Even the rules on deductible expenses are changing. They will significantly increase the unreimbursed medical expenses a tenant must pay out before those qualify for a deduction.

The changes by the U.S. Department of Housing and Urban Development (HUD) are spelled out in proposed rules on how to calculate income and assets of housing authority residents. These rules, first released in February but still subject to HUD’s soon-to-arrive final guidance, will determine whether a tenant is eligible to be in public housing and, if so, how much rent they have to pay.

HUD restated their position after an advocacy group, the Council of Large Public Housing Authorities (CLPHA), early last week erroneously claimed that the department had “announced” that the housing department would be delaying compliance with the new rules on income calculation, deductions and asset determination until 2025.

“HUD did not announce anything. There was no announcement,” Doug Rice, special policy advisor in HUD’s Office of Public and Indian Housing, told THE CITY.

Rice said HUD has “no intention of changing anything about the notice on the over income provision or in any way delaying compliance on that,” and that the agency will “very soon” issue “further guidance on how to interpret and implement the rule itself” about calculating income and assets.

Still Over Income

CLPHA and three other advocate groups tied to a total of 3,200 housing authorities nationwide, including the New York City Housing Authority (NYCHA), wrote to HUD in May requesting that it move the date by which they must be in compliance with these new rules from January 2024 to January 2025.

The letter said that the new rules “represent arguably the biggest change in decades to how PHAs calculate residents’ income,” and impose “new limitations” on how housing authorities determine a resident’s assets. 

The new rules “will have a significant impact on [public housing authority] operations and residents,” the letter notes.

In early June, NYCHA mailed notices to 290 “over income” households that their rents would be going up based on these new rules.

Then last week, THE CITY reported on CLPHA’s claim that HUD would delay rent hikes, including to the 290 NYCHA tenants. HUD officials, after first declining to answer THE CITY’s questions, said after the story was published that the initiative to collect higher rent would go forward as originally scheduled.

HUD said NYCHA and all housing authorities can use the current rules to determine this first round of “over income” households, but going forward, these yet-to-be-announced final guidance will likely change. 

Barbara Brancaccio, spokesperson for NYCHA, said the authority “will continue to follow HUD requirements related to” the new protocols “which include changes regarding over-income households.”

New Rules

Another key change will be a new cap on assets, including ending assistance for any tenant determined to have total assets of more than $100,000. Assets can include savings and checking accounts and property used for commercial purposes.

Any tenant who owns real property that is “suitable for occupancy” would also no longer qualify to live in public housing, the new rules state.

The threshold for deducting unreimbursed medical expenses will increase from 3% of a tenant’s income to 10%.

The new rules do make exceptions for some assets, exempting retirement and education savings accounts and increasing the standard deduction for families with a head or spouse who is elderly or has a disability.

Rent Calculations

Under current rules, only lower-income applicants can obtain public housing apartments, and cannot be charged more than 30% of their income.

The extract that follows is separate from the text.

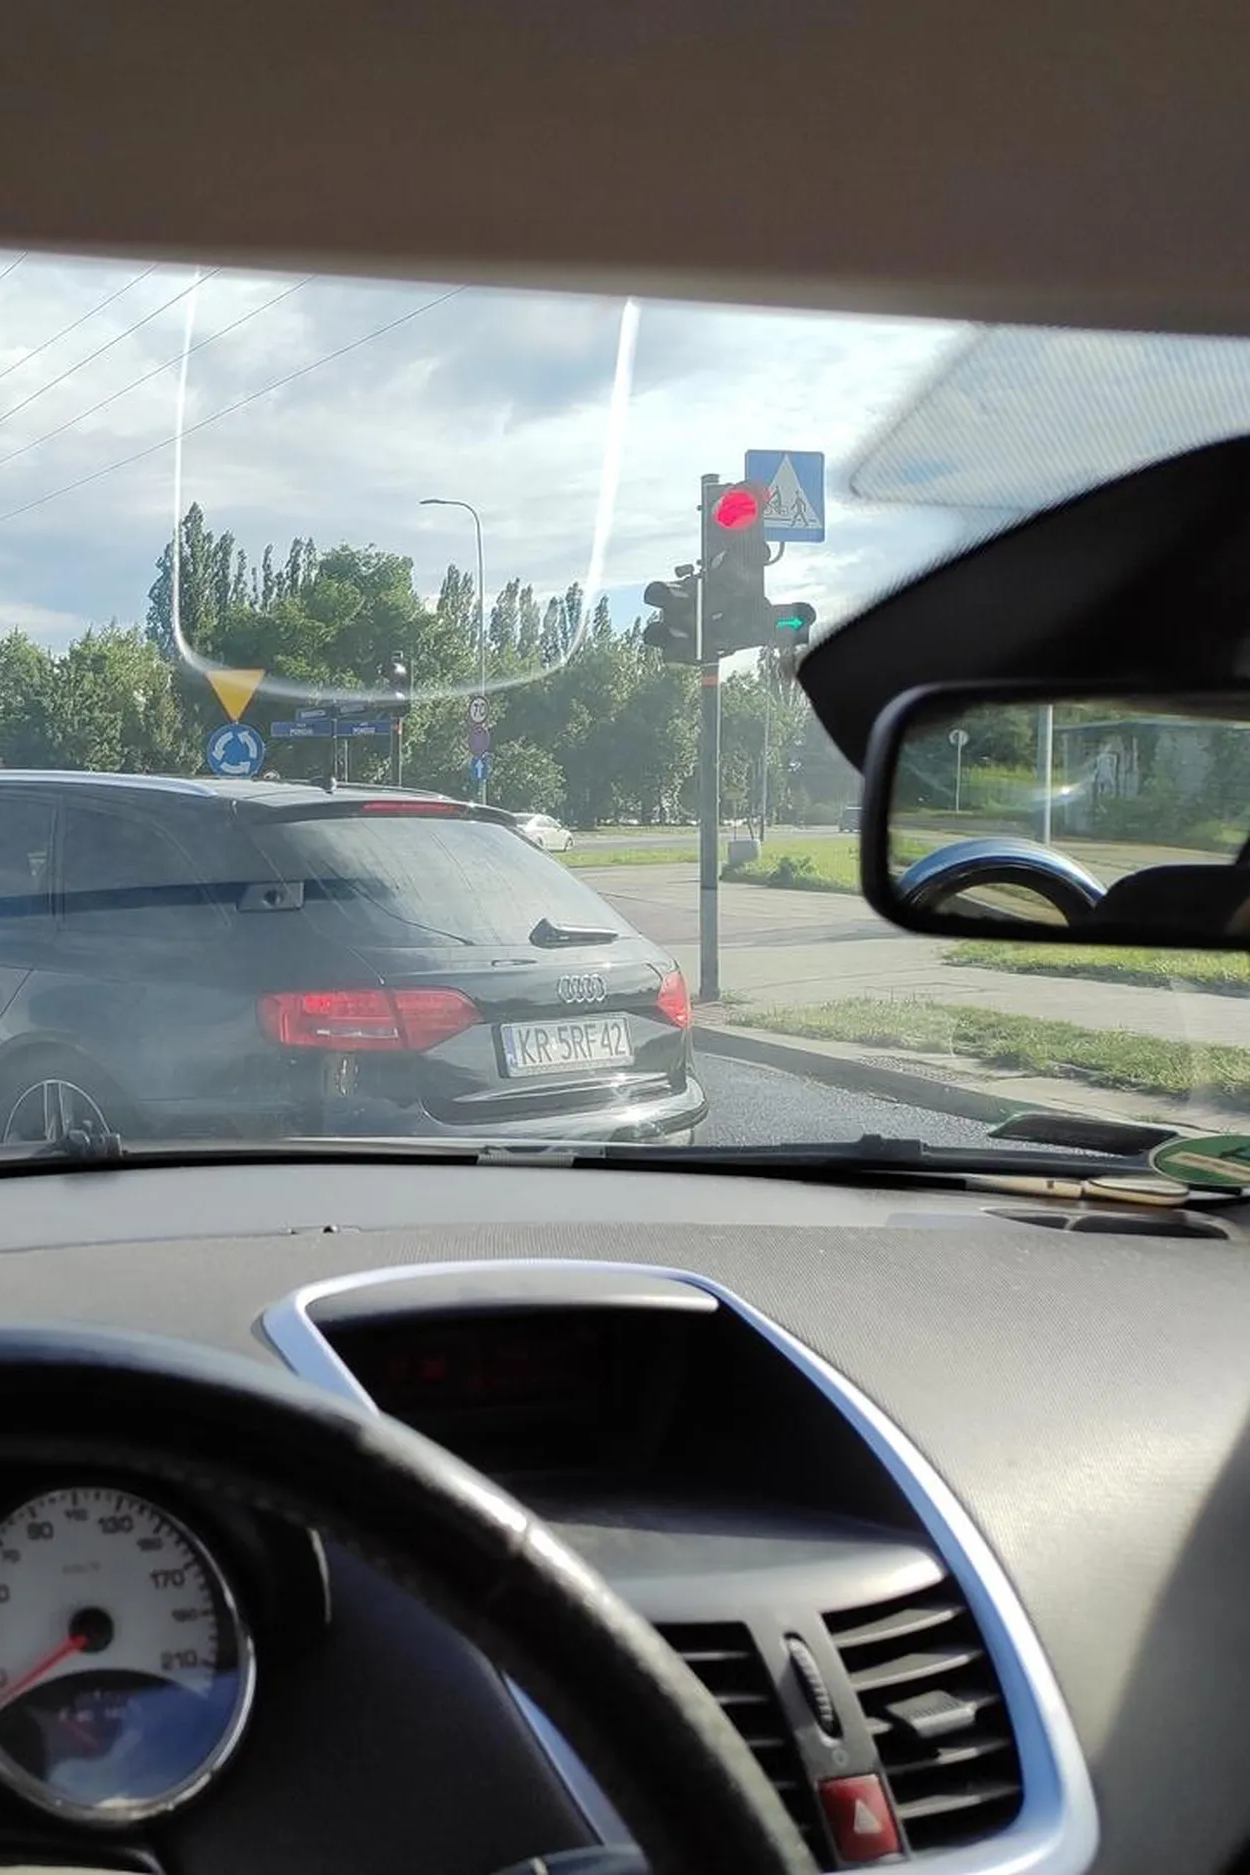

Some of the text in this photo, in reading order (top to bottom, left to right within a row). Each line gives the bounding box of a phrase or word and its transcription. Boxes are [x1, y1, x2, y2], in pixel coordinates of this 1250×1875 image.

[518, 1021, 626, 1065] KR 5RF42
[98, 1515, 134, 1534] 130
[150, 1569, 186, 1589] 170
[160, 1651, 198, 1670] 210

That 30% cap holds even if the income of an eligible tenant rises to a much higher level.

During the Obama administration in 2016, Congress passed a new law that allowed housing authorities to declare that tenants who make 120% or more of an area’s median income were no longer eligible for public housing and could be charged “fair market rent.” That’s less than “market rent” but still significantly more than public housing rent.

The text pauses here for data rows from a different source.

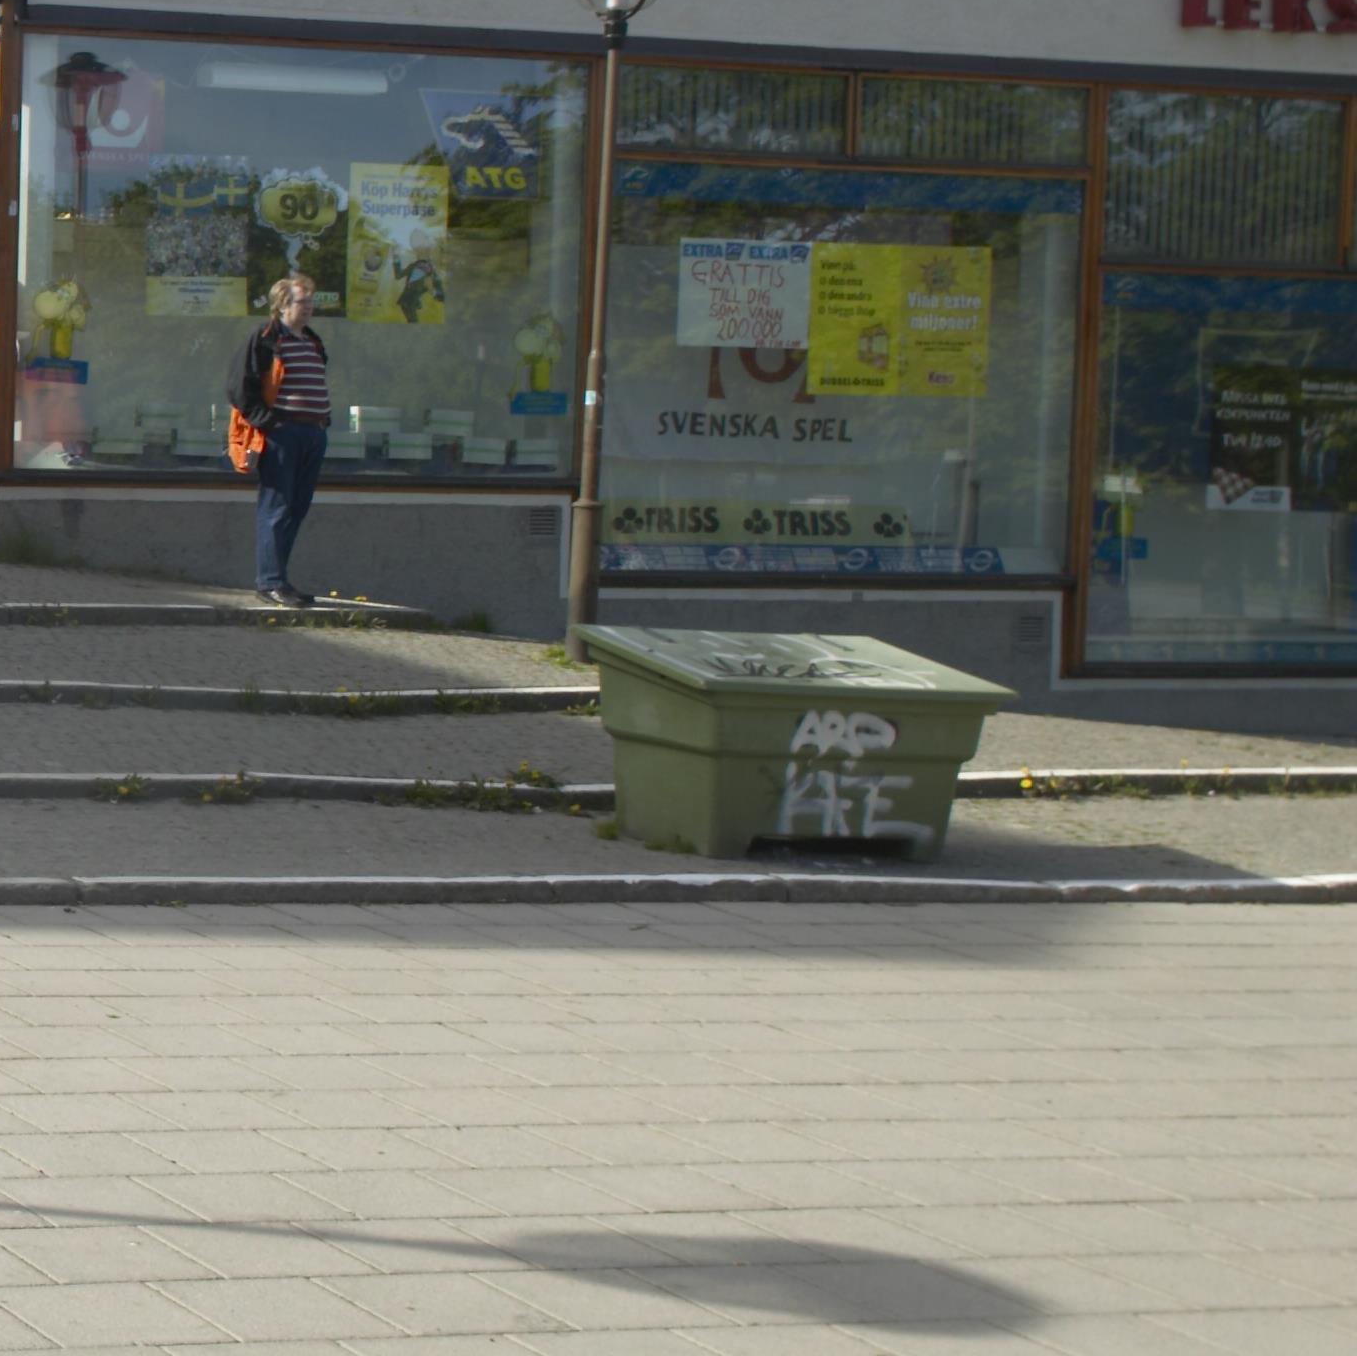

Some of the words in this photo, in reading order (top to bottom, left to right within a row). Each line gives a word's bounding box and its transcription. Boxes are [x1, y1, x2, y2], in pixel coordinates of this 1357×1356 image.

[361, 179, 388, 199] Köp
[465, 166, 527, 190] ATG
[280, 193, 319, 221] 90
[683, 244, 724, 257] EXTRA
[691, 259, 785, 288] GRATTIS
[709, 287, 742, 303] TILL
[747, 288, 770, 306] DIG
[709, 303, 741, 318] SOM
[657, 411, 780, 440] SVENSKA
[793, 418, 853, 444] SPEL
[644, 506, 720, 534] TRISS
[772, 509, 853, 537] TRISS

Under this change, HUD allows housing authorities to simply terminate a resident’s tenancy, but NYCHA chose to let “over income” tenants stay in their apartments as long as they sign new leases that require higher monthly rent payments.

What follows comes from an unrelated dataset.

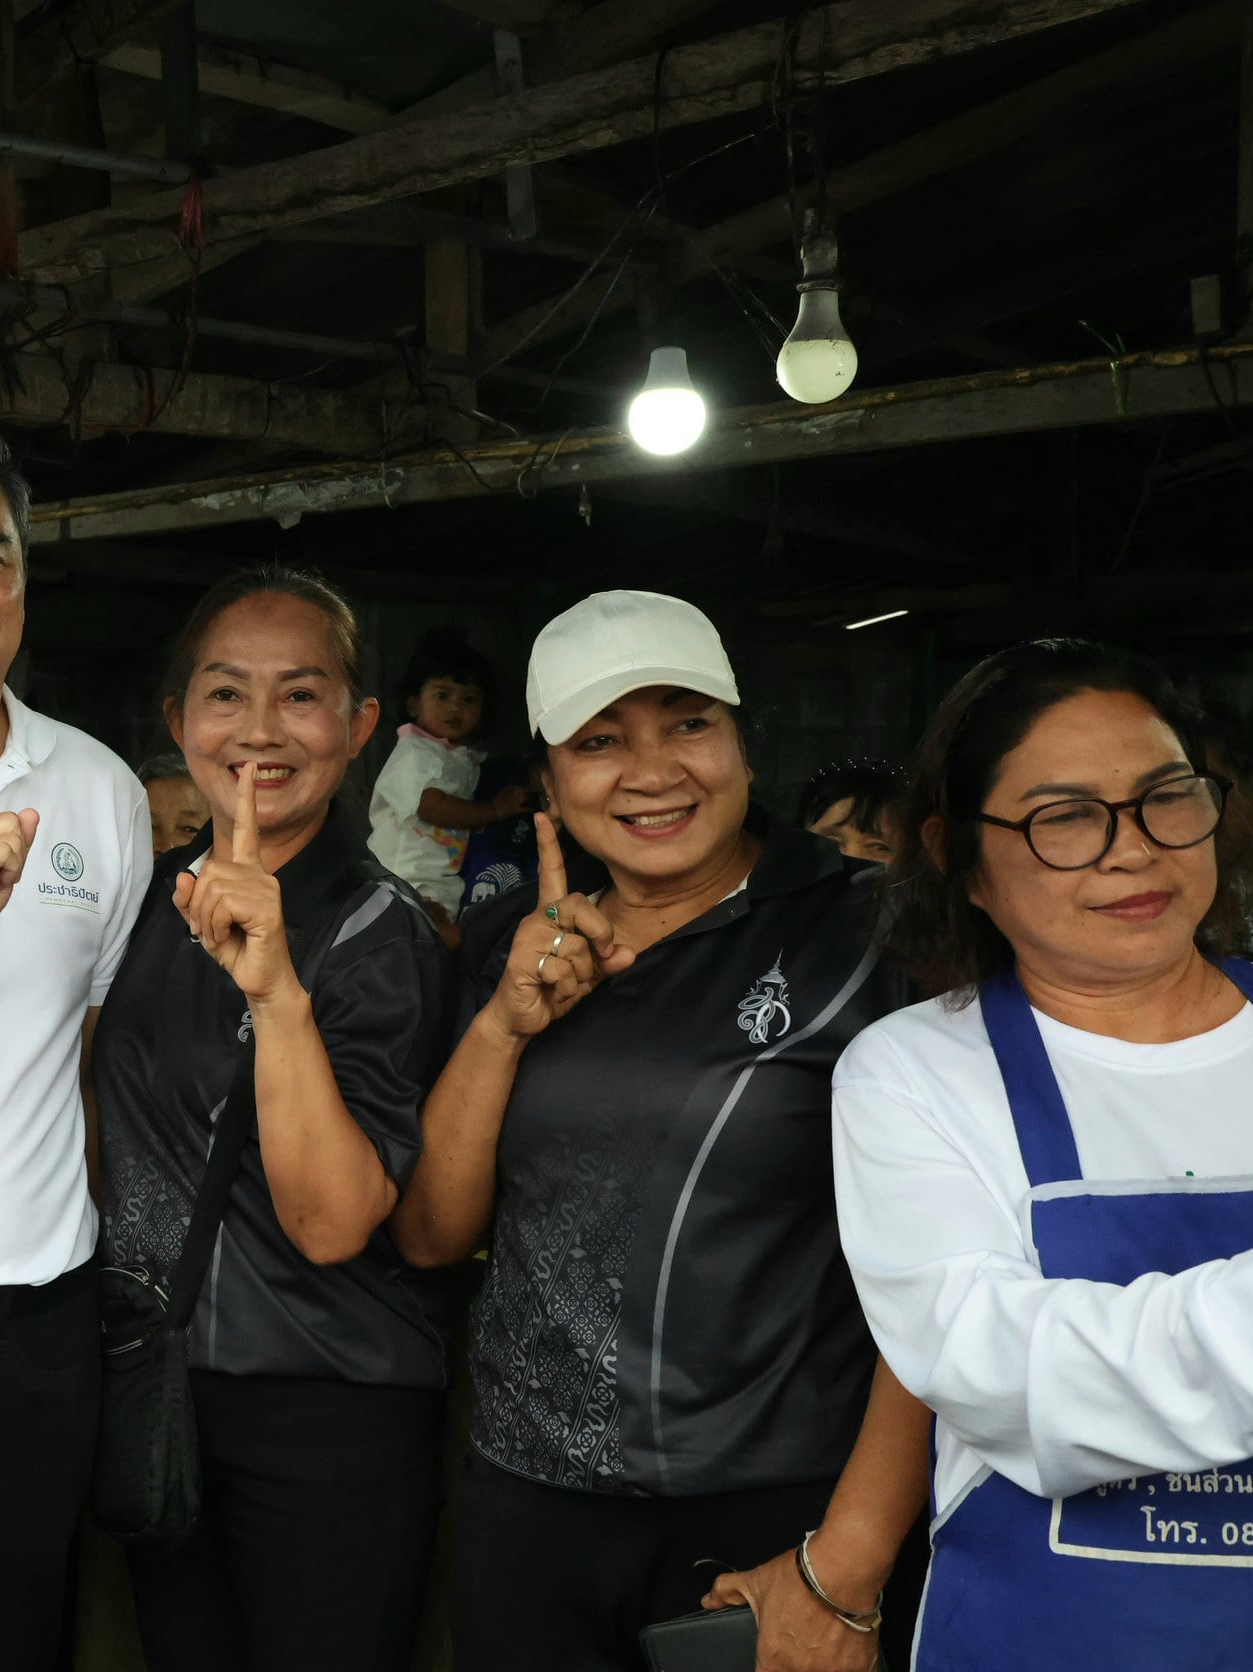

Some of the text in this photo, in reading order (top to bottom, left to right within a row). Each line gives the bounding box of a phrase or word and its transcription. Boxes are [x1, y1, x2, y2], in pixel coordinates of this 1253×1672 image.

[38, 882, 100, 903] ประชาธิปัตย์
[1140, 1505, 1207, 1545] โทร.

For “over income” NYCHA residents — bringing in more than $112,000 for a one-bedroom household or 160,000 for a four-bedroom household — tenants now paying flat rent of $1,700 would see their rent rise to $2,100; tenants paying flat rent of $2,600 would pay $3,300. 

The 290 NYCHA households that got notices early last month were told they must sign a new lease with the higher rent within 60 days. They can contest the income calculation but if their income is ultimately determined to be “over income” and they refuse to sign the new lease, they face eviction. NYCHA will also no longer pay for their utilities.

The new rent for “over income” households takes effect in early August, while the asset and deduction changes aren’t set to take effect until January. They come as NYCHA estimates it needs $40 billion to upgrade deteriorating conditions in its entire portfolio and is struggling to close a budget gap caused by growing rent arrears that began during the pandemic and continued after a rent moratorium ended in January 2022.

NYCHA is now short $480 million in back rent while its collection rate has fallen to just 63%.